Dia menjelaskan, terdapat sejumlah persyaratan yang harus dipenuhi untuk memperoleh surat rekomendasi. Di antaranya pemohon merupakan petani, memiliki KTP sebagai petani, serta menunjukkan foto Alsintan lengkap dengan nomor rangka dan nomor mesin.




Nurdin menambahkan, setiap kecamatan di Kabupaten Sampang telah memiliki petugas yang berwenang menerbitkan rekomendasi sehingga petani dapat mengurusnya di wilayah masing-masing.

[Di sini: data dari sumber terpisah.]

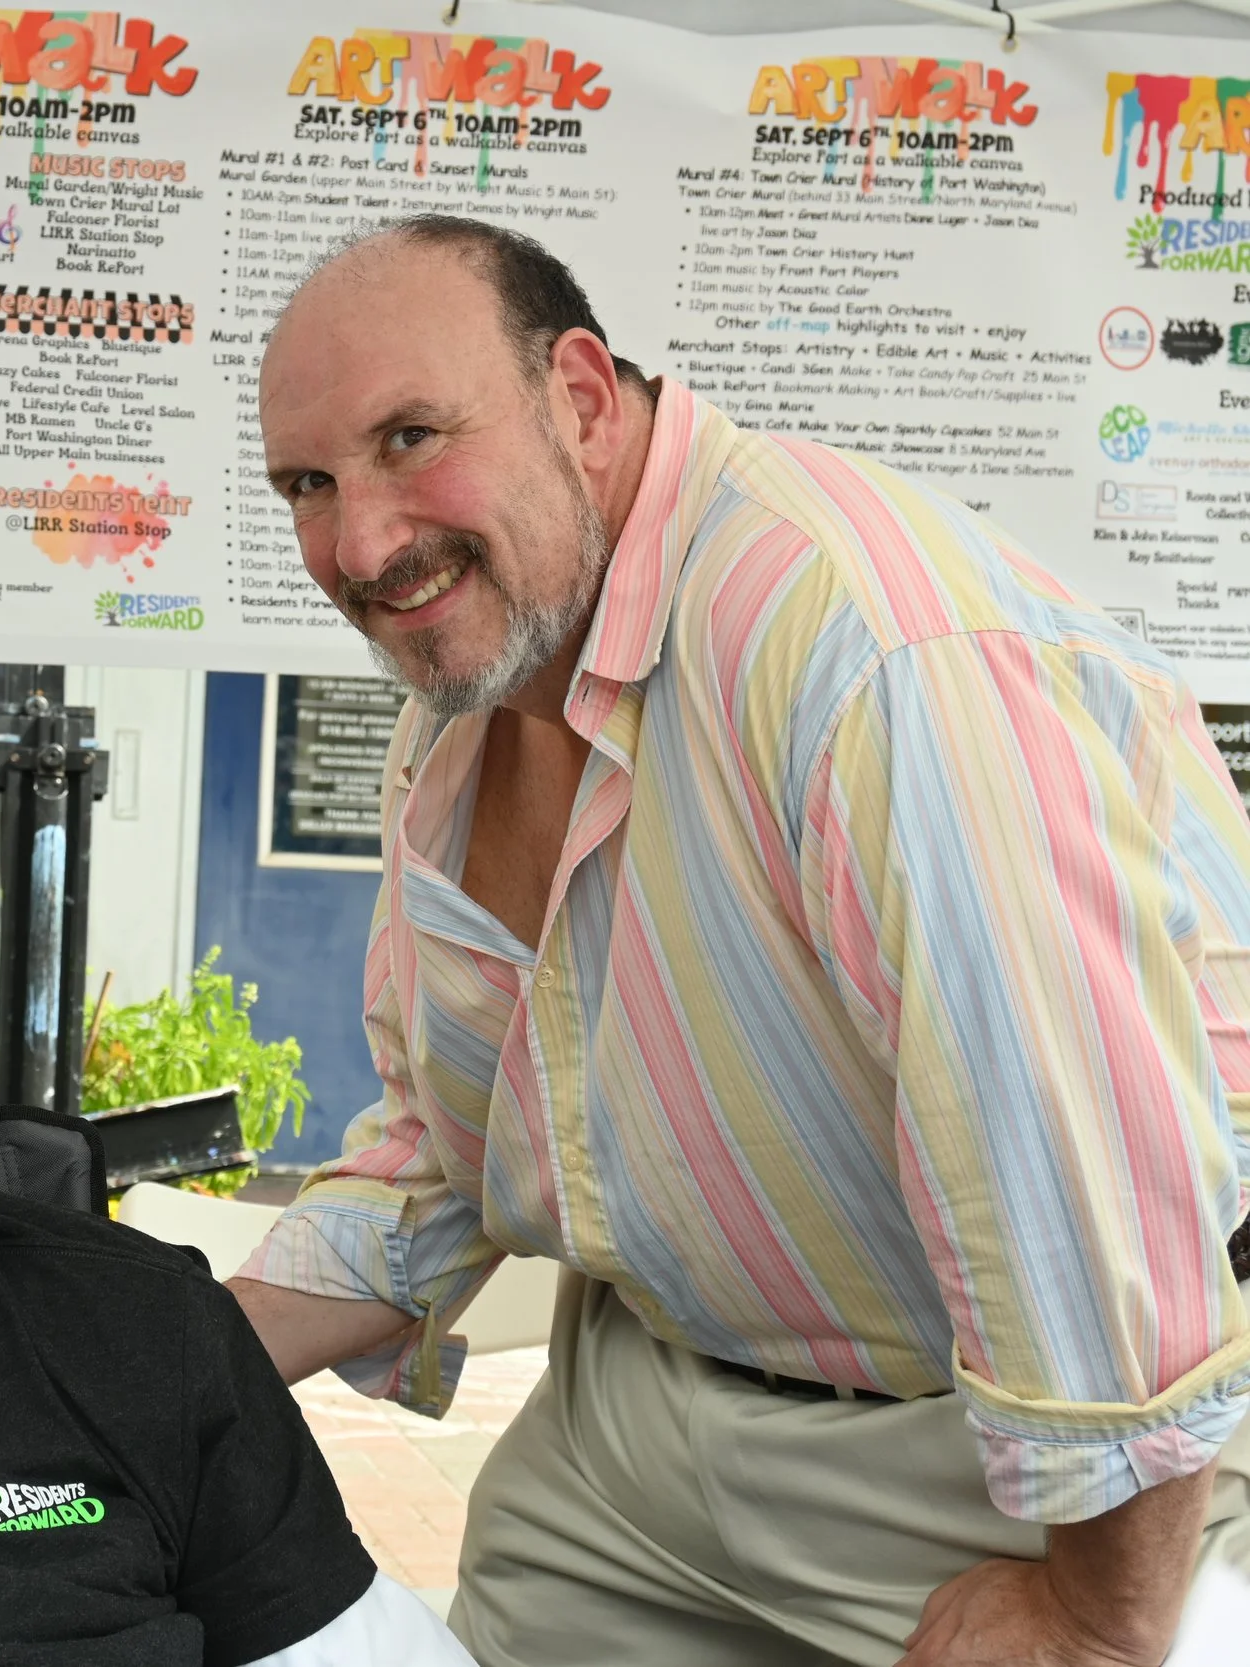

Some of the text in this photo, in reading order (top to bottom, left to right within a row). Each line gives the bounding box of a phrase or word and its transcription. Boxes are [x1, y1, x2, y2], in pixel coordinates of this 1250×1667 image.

[287, 36, 410, 105] ART
[748, 64, 859, 122] ART
[300, 105, 345, 127] SAT,
[75, 127, 141, 144] canvas
[755, 124, 796, 146] SAT,
[30, 154, 186, 182] MUSIC STOPS
[219, 149, 529, 178] Mural #1 & #2: Post Card & Sunset Murals
[6, 177, 204, 200] Mural Garden/Wright Music
[1139, 184, 1242, 209] Produced
[46, 209, 160, 229] Falconer Florist
[39, 225, 165, 248] LIRR Station Stop
[66, 242, 137, 260] Narinatto
[715, 317, 760, 330] Other
[767, 318, 830, 334] off-map
[837, 319, 908, 335] highlights
[914, 323, 929, 335] to
[936, 324, 965, 337] visit
[987, 327, 1026, 342] enjoy
[10, 380, 144, 400] Federal Credit Union
[5, 514, 172, 541] @LIRR Station Stop
[120, 594, 201, 616] RESIDENTS
[122, 608, 203, 631] FORWARD
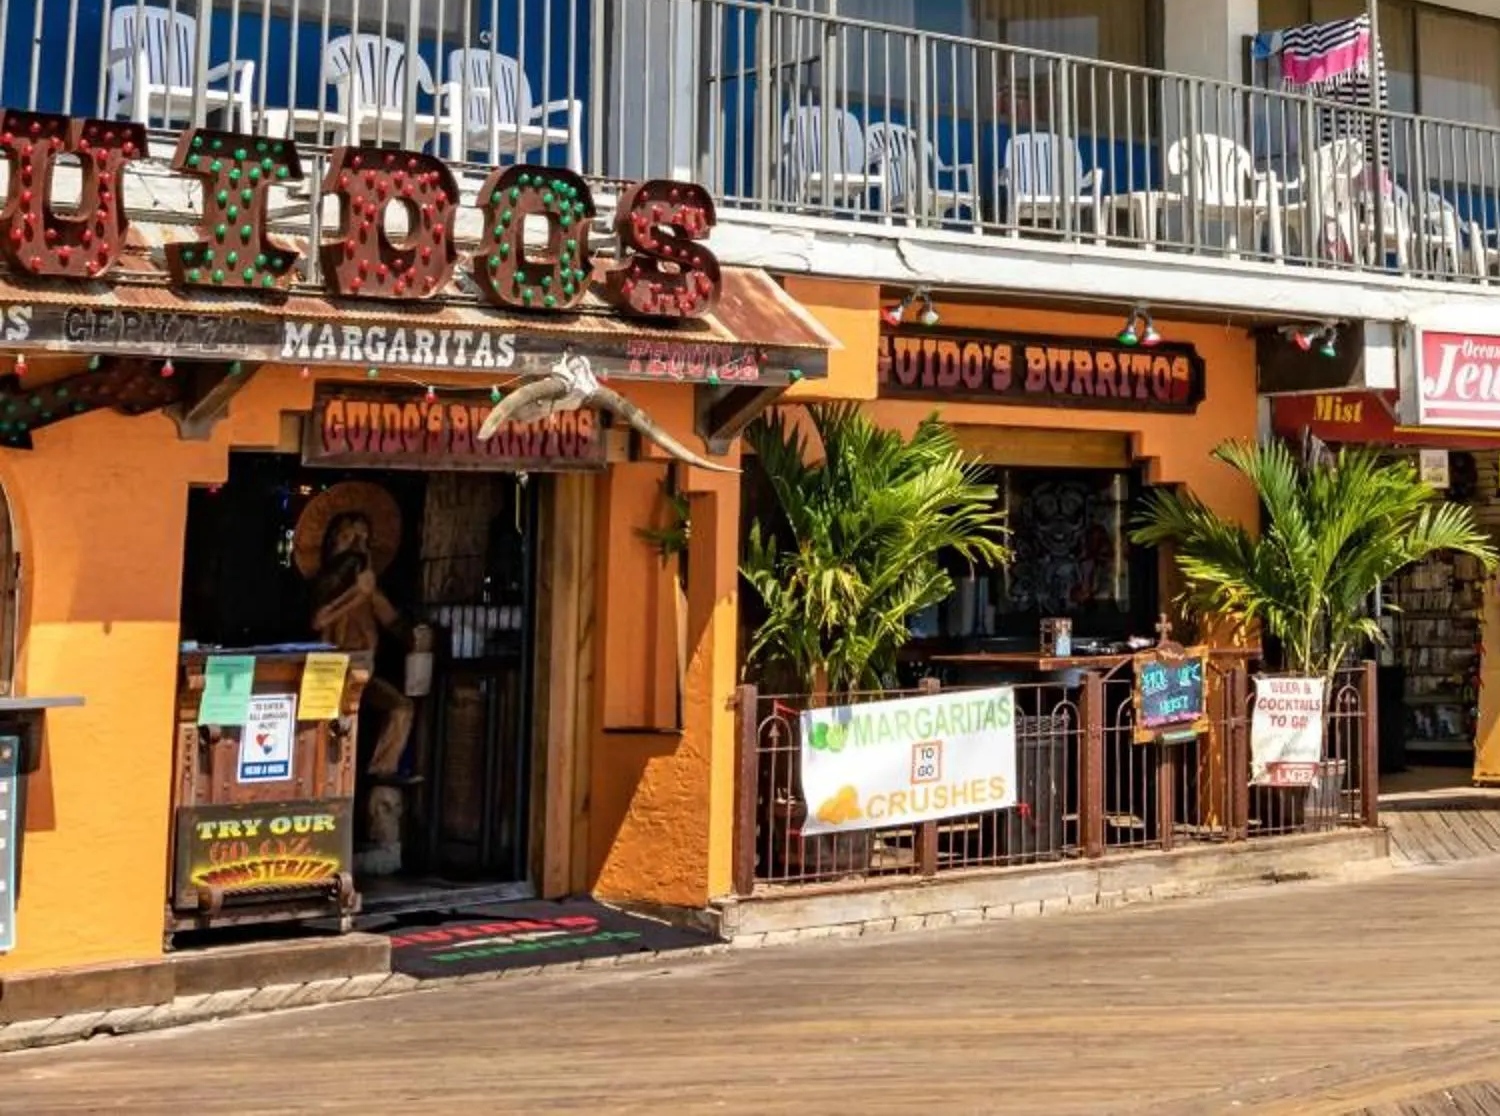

"Setiap kecamatan sudah ada petugas yang memberikan rekomendasi. Jadi, petani bisa mengurusnya di kecamatan masing-masing, baik di Kecamatan Sampang, Camplong, maupun kecamatan lainnya," imbuhnya. 


Nurdin juga mengimbau petugas Stasiun Pengisian Bahan Bakar Umum (SPBU) agar tidak langsung mengarahkan setiap pembeli yang membawa jeriken untuk meminta rekomendasi ke Disperta KP. Menurutnya, petugas perlu memastikan terlebih dahulu apakah BBM tersebut digunakan untuk Alsintan milik petani atau untuk keperluan lain.




"Kalau memang untuk Alsintan petani, tentu bisa diproses sesuai ketentuan. Tetapi kalau untuk diperjualbelikan kembali, kami tidak akan memberikan rekomendasi," tegasnya.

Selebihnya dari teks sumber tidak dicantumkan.